Everything from the line holding "Some of the words" through the final line of the entries below is to be duplicated exactly, and nothing outside that span.

> [Information shown]:
== Segment start ==

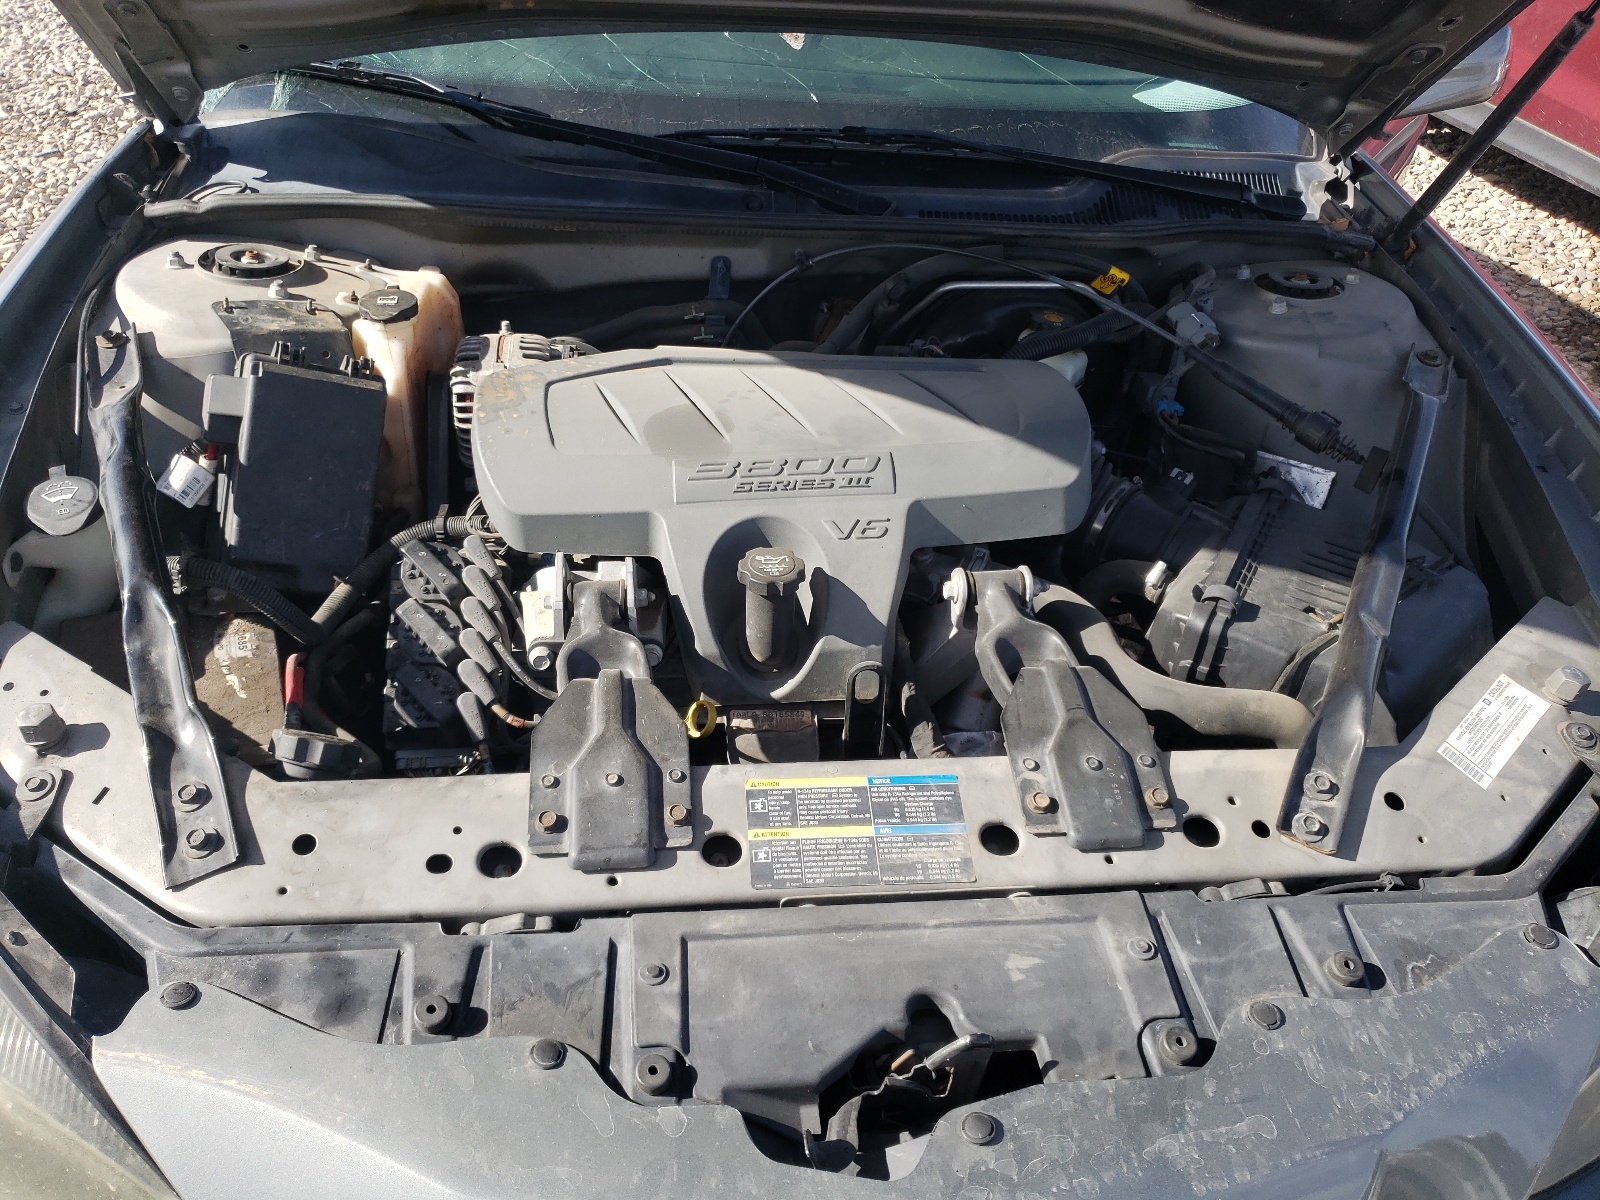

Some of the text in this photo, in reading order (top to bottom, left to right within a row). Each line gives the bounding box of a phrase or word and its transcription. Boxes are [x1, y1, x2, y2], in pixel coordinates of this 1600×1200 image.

[688, 455, 881, 481] 3800
[733, 477, 874, 494] SERIES III
[821, 518, 890, 540] V6
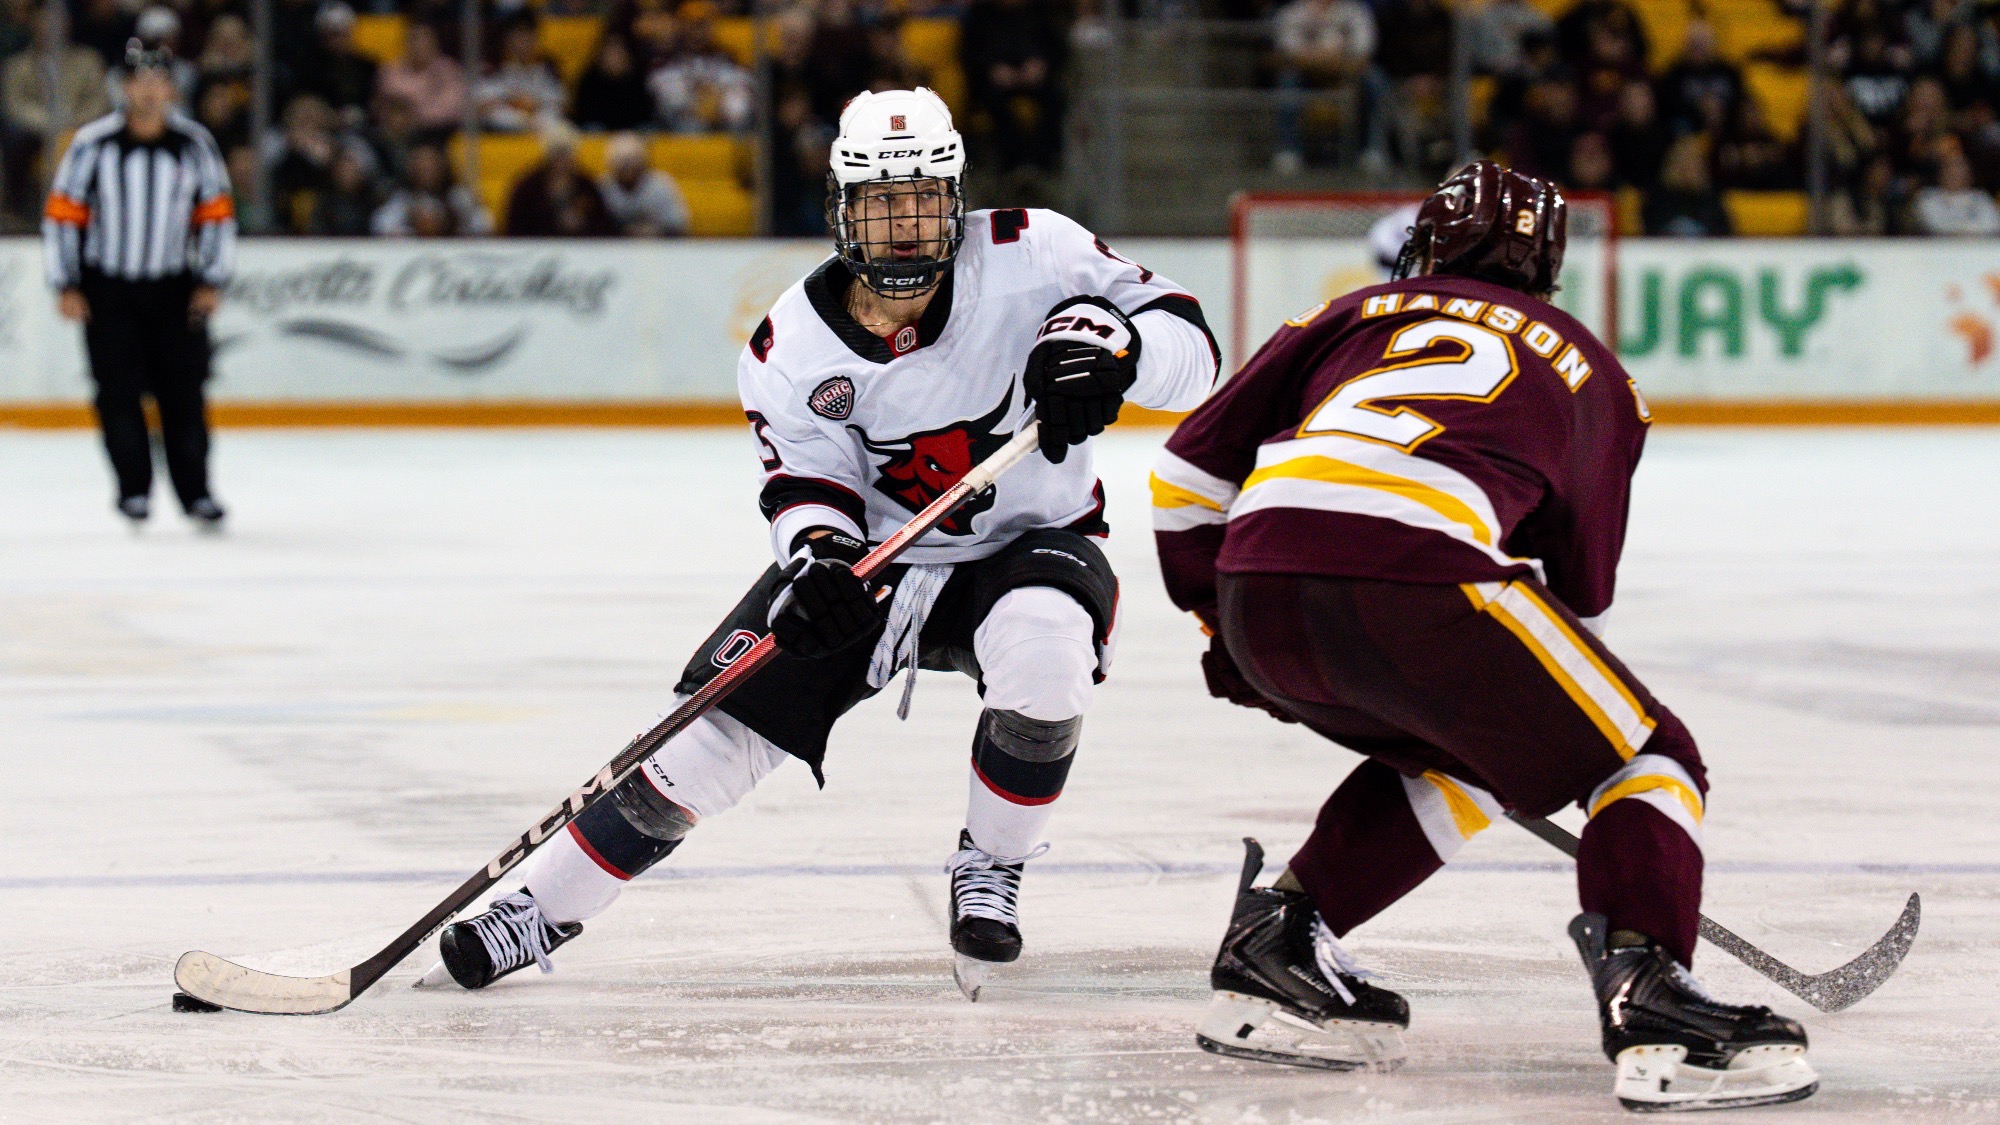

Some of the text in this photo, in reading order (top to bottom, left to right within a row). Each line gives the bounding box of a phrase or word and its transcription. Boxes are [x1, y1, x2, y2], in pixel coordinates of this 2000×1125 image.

[877, 149, 923, 159] CCM
[1515, 208, 1536, 237] 2
[882, 275, 925, 286] CCM
[1362, 292, 1593, 393] HANSON
[814, 383, 850, 409] NCHC
[1295, 316, 1520, 455] 2
[831, 534, 863, 548] CCM
[1031, 548, 1088, 567] CCM
[487, 762, 614, 879] CCM
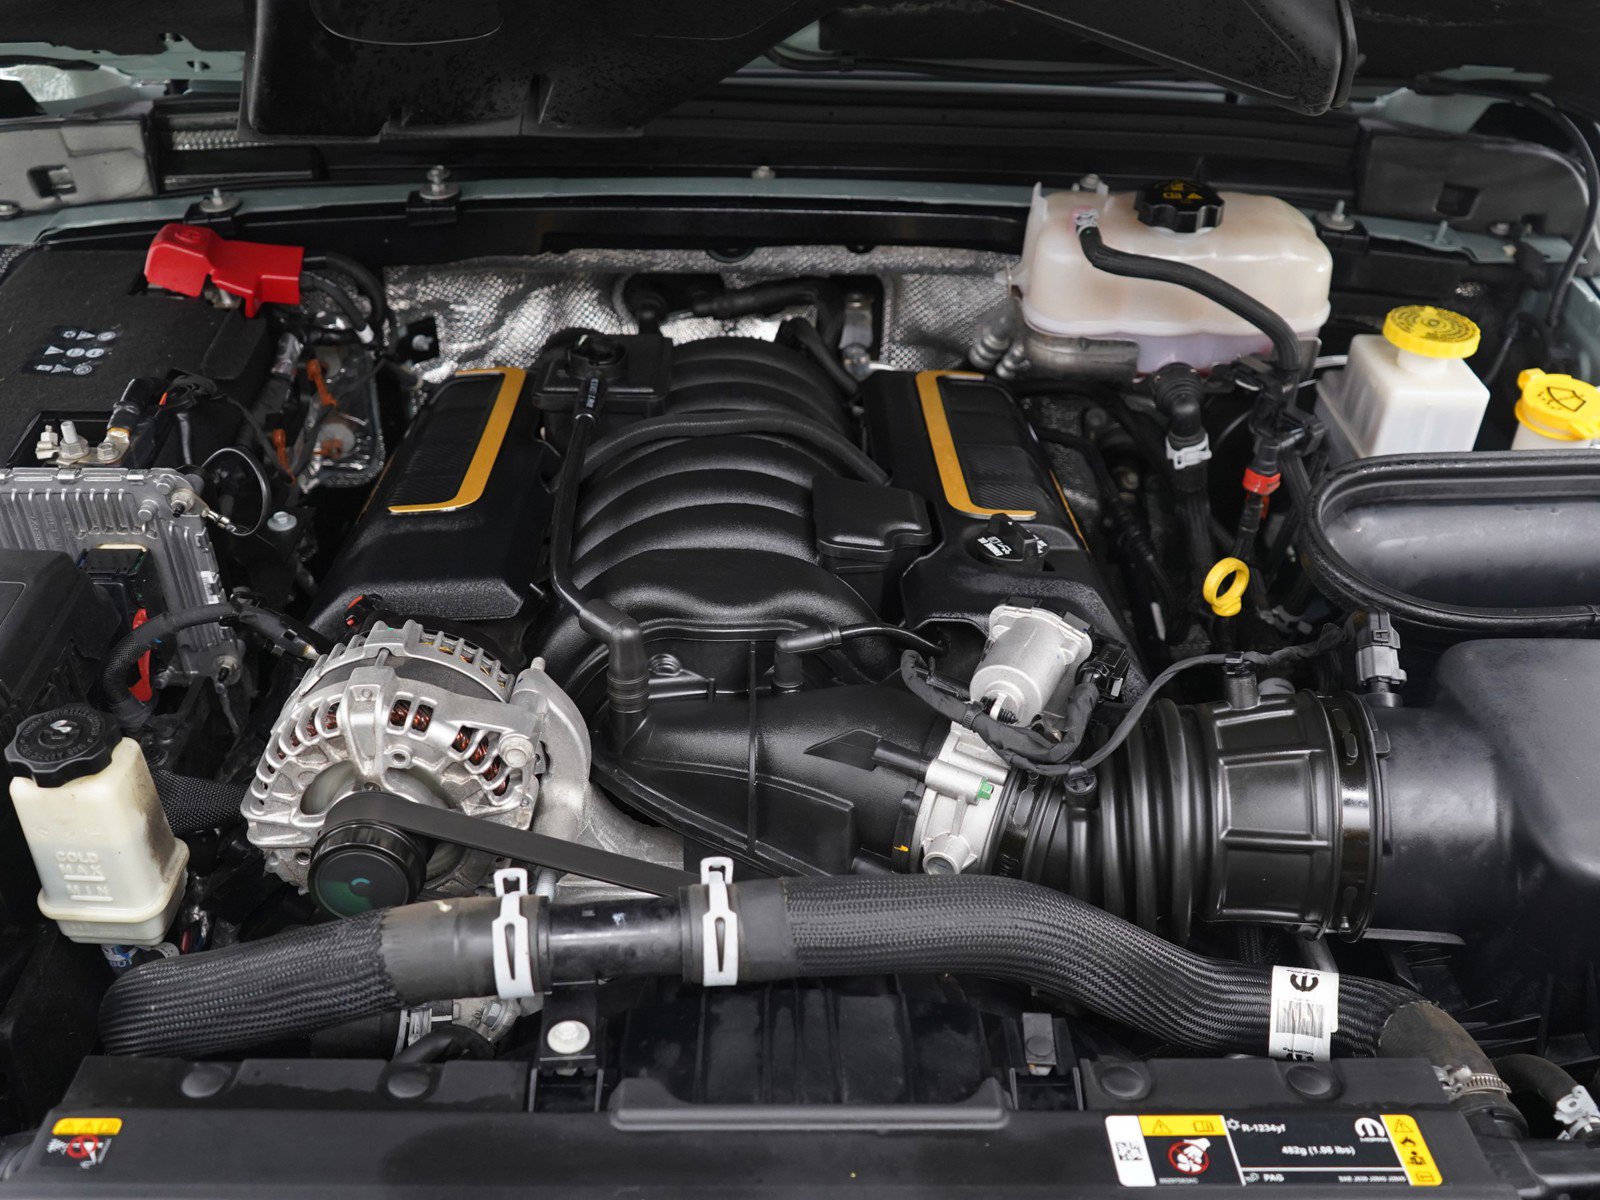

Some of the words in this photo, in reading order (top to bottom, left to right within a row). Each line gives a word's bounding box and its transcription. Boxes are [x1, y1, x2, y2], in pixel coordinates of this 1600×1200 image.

[56, 851, 98, 863] COLD
[59, 864, 104, 875] MAX
[66, 884, 109, 895] MIN

== Segment end ==

> [Your response]:
Some of the words in this photo, in reading order (top to bottom, left to right within a row). Each line gives a word's bounding box and its transcription. Boxes are [x1, y1, x2, y2], in pixel coordinates of this 1600×1200 image.

[56, 851, 98, 863] COLD
[59, 864, 104, 875] MAX
[66, 884, 109, 895] MIN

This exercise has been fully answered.